= Task requirements =
Without skipping anything, transcribe the listing that follows.

= Dataset =
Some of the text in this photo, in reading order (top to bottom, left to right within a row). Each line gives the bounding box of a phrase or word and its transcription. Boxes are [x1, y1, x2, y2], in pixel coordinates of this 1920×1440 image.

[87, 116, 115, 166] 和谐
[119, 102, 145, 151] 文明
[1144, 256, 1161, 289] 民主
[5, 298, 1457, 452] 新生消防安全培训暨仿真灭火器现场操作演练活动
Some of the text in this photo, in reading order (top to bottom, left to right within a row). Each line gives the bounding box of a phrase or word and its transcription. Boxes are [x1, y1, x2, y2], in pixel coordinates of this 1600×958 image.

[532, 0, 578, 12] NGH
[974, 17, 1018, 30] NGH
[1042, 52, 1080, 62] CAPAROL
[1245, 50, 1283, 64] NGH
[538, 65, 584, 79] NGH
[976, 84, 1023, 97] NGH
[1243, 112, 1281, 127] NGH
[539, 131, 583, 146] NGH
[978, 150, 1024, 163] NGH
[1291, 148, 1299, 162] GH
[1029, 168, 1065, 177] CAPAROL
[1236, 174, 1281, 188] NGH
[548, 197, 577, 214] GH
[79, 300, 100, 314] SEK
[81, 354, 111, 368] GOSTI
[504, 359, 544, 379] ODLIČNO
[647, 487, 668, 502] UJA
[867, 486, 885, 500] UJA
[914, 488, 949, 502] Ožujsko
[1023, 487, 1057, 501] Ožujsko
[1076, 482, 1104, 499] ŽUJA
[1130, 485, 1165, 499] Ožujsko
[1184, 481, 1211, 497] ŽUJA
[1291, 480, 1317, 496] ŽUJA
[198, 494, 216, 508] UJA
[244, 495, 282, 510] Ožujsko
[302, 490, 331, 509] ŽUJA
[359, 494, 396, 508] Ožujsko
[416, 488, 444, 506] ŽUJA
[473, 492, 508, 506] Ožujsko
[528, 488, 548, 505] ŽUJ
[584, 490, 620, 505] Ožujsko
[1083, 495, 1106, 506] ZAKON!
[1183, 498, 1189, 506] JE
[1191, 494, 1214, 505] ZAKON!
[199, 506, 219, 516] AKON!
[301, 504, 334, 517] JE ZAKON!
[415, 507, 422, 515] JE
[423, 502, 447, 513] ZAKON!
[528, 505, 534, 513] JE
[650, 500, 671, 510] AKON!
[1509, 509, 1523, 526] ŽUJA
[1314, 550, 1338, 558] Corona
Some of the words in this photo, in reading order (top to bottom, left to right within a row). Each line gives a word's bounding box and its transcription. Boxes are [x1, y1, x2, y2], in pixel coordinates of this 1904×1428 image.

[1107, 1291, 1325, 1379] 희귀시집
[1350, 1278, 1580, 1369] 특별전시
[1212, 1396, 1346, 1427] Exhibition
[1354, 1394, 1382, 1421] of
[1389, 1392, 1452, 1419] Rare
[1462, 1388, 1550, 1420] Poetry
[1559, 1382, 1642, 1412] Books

= Exercise answer =
Some of the text in this photo, in reading order (top to bottom, left to right within a row). Each line gives the bounding box of a phrase or word and its transcription. Boxes are [x1, y1, x2, y2], in pixel coordinates of this 1920×1440 image.

[87, 116, 115, 166] 和谐
[119, 102, 145, 151] 文明
[1144, 256, 1161, 289] 民主
[5, 298, 1457, 452] 新生消防安全培训暨仿真灭火器现场操作演练活动
Some of the text in this photo, in reading order (top to bottom, left to right within a row). Each line gives the bounding box of a phrase or word and its transcription. Boxes are [x1, y1, x2, y2], in pixel coordinates of this 1600×958 image.

[532, 0, 578, 12] NGH
[974, 17, 1018, 30] NGH
[1042, 52, 1080, 62] CAPAROL
[1245, 50, 1283, 64] NGH
[538, 65, 584, 79] NGH
[976, 84, 1023, 97] NGH
[1243, 112, 1281, 127] NGH
[539, 131, 583, 146] NGH
[978, 150, 1024, 163] NGH
[1291, 148, 1299, 162] GH
[1029, 168, 1065, 177] CAPAROL
[1236, 174, 1281, 188] NGH
[548, 197, 577, 214] GH
[79, 300, 100, 314] SEK
[81, 354, 111, 368] GOSTI
[504, 359, 544, 379] ODLIČNO
[647, 487, 668, 502] UJA
[867, 486, 885, 500] UJA
[914, 488, 949, 502] Ožujsko
[1023, 487, 1057, 501] Ožujsko
[1076, 482, 1104, 499] ŽUJA
[1130, 485, 1165, 499] Ožujsko
[1184, 481, 1211, 497] ŽUJA
[1291, 480, 1317, 496] ŽUJA
[198, 494, 216, 508] UJA
[244, 495, 282, 510] Ožujsko
[302, 490, 331, 509] ŽUJA
[359, 494, 396, 508] Ožujsko
[416, 488, 444, 506] ŽUJA
[473, 492, 508, 506] Ožujsko
[528, 488, 548, 505] ŽUJ
[584, 490, 620, 505] Ožujsko
[1083, 495, 1106, 506] ZAKON!
[1183, 498, 1189, 506] JE
[1191, 494, 1214, 505] ZAKON!
[199, 506, 219, 516] AKON!
[301, 504, 334, 517] JE ZAKON!
[415, 507, 422, 515] JE
[423, 502, 447, 513] ZAKON!
[528, 505, 534, 513] JE
[650, 500, 671, 510] AKON!
[1509, 509, 1523, 526] ŽUJA
[1314, 550, 1338, 558] Corona
Some of the words in this photo, in reading order (top to bottom, left to right within a row). Each line gives a word's bounding box and its transcription. Boxes are [x1, y1, x2, y2], in pixel coordinates of this 1904×1428 image.

[1107, 1291, 1325, 1379] 희귀시집
[1350, 1278, 1580, 1369] 특별전시
[1212, 1396, 1346, 1427] Exhibition
[1354, 1394, 1382, 1421] of
[1389, 1392, 1452, 1419] Rare
[1462, 1388, 1550, 1420] Poetry
[1559, 1382, 1642, 1412] Books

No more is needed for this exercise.